◆ **Directions for this task**: Exact copy, no pictures: output each line below as it stands.

◆ **Records shown**:
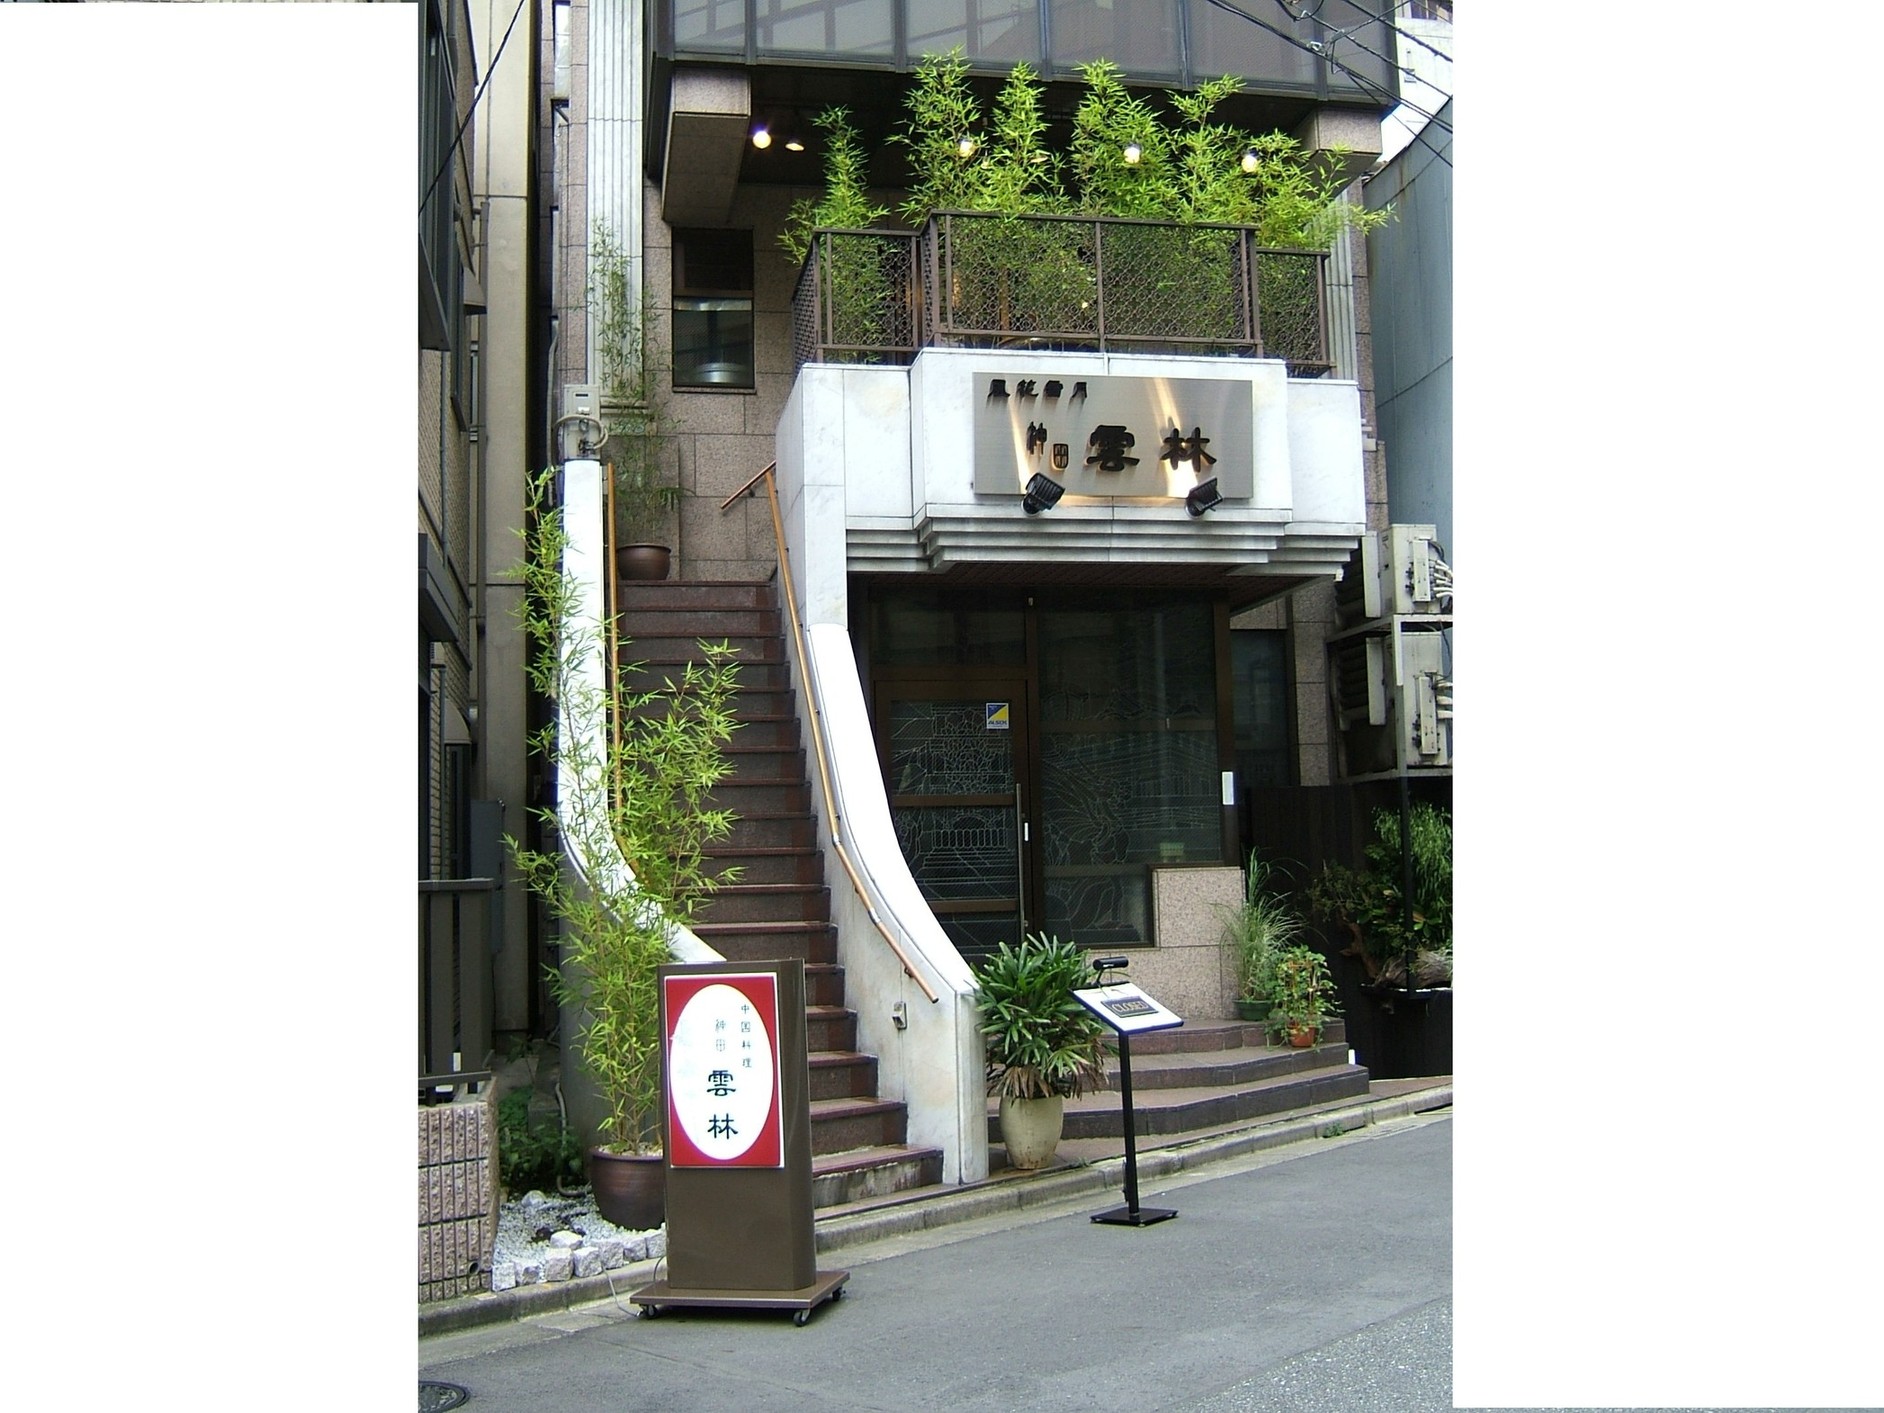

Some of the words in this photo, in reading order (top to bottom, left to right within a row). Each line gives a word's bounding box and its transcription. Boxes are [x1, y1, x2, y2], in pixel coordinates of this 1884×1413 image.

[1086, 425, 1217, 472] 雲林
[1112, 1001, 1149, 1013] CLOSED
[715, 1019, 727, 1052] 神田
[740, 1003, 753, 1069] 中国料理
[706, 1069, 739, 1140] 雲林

◆ **Reply to the task**:
Some of the words in this photo, in reading order (top to bottom, left to right within a row). Each line gives a word's bounding box and its transcription. Boxes are [x1, y1, x2, y2], in pixel coordinates of this 1884×1413 image.

[1086, 425, 1217, 472] 雲林
[1112, 1001, 1149, 1013] CLOSED
[715, 1019, 727, 1052] 神田
[740, 1003, 753, 1069] 中国料理
[706, 1069, 739, 1140] 雲林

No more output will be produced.